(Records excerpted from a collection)
──────

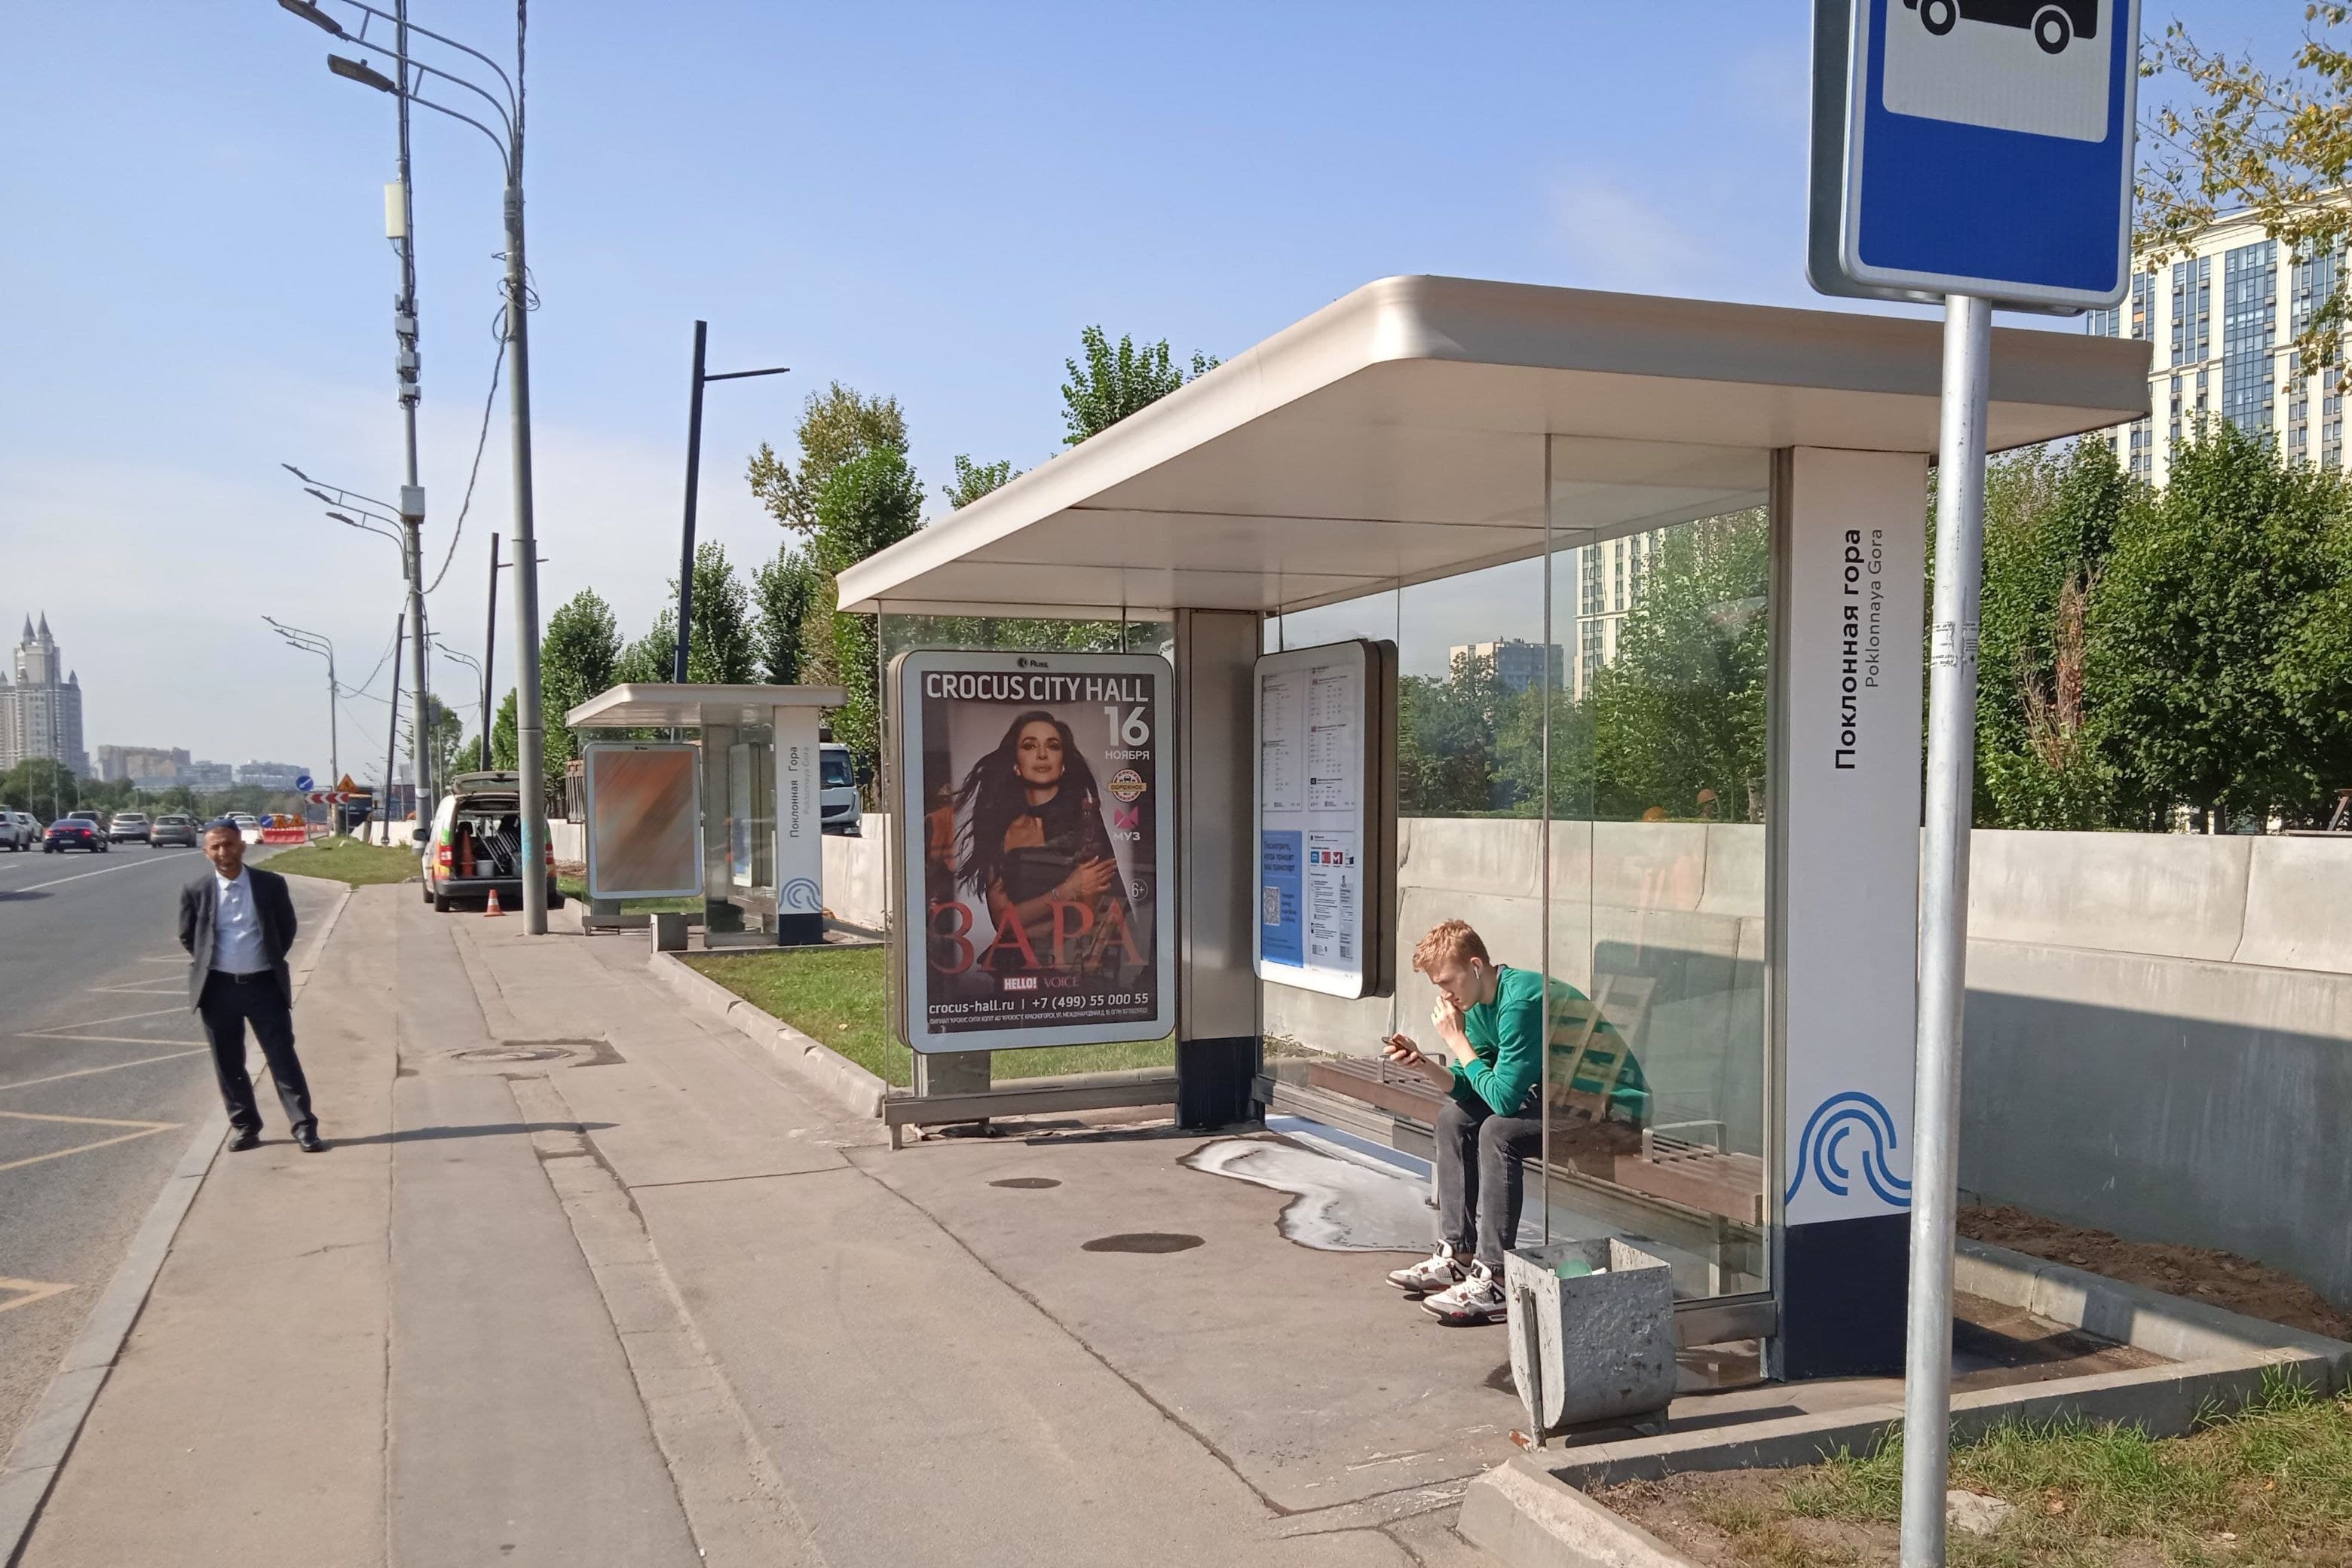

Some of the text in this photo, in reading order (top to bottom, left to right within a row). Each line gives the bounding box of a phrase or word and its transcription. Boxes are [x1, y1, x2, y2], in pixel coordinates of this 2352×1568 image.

[1865, 529, 1885, 688] Poklonnaya Gora
[1835, 529, 1864, 770] Поклонная гора
[926, 673, 1149, 703] CROCUS CITY HALL
[1104, 706, 1150, 746] 16
[1105, 750, 1150, 760] НОЯБРЯ
[789, 746, 799, 838] Поклонная Гора
[1113, 831, 1141, 841] МУЗ
[1132, 881, 1145, 898] 6+
[929, 899, 1145, 974] ЗАРА
[1003, 976, 1080, 990] HELLO! VOICE
[929, 993, 1149, 1014] crocus-hall.ru +7 (499) 55 000 55

──────

- [Aim of the task] Pictures stay out, and every line of the records is transcribed exactly.

- [Answer]
Some of the text in this photo, in reading order (top to bottom, left to right within a row). Each line gives the bounding box of a phrase or word and its transcription. Boxes are [x1, y1, x2, y2], in pixel coordinates of this 2352×1568 image.

[1865, 529, 1885, 688] Poklonnaya Gora
[1835, 529, 1864, 770] Поклонная гора
[926, 673, 1149, 703] CROCUS CITY HALL
[1104, 706, 1150, 746] 16
[1105, 750, 1150, 760] НОЯБРЯ
[789, 746, 799, 838] Поклонная Гора
[1113, 831, 1141, 841] МУЗ
[1132, 881, 1145, 898] 6+
[929, 899, 1145, 974] ЗАРА
[1003, 976, 1080, 990] HELLO! VOICE
[929, 993, 1149, 1014] crocus-hall.ru +7 (499) 55 000 55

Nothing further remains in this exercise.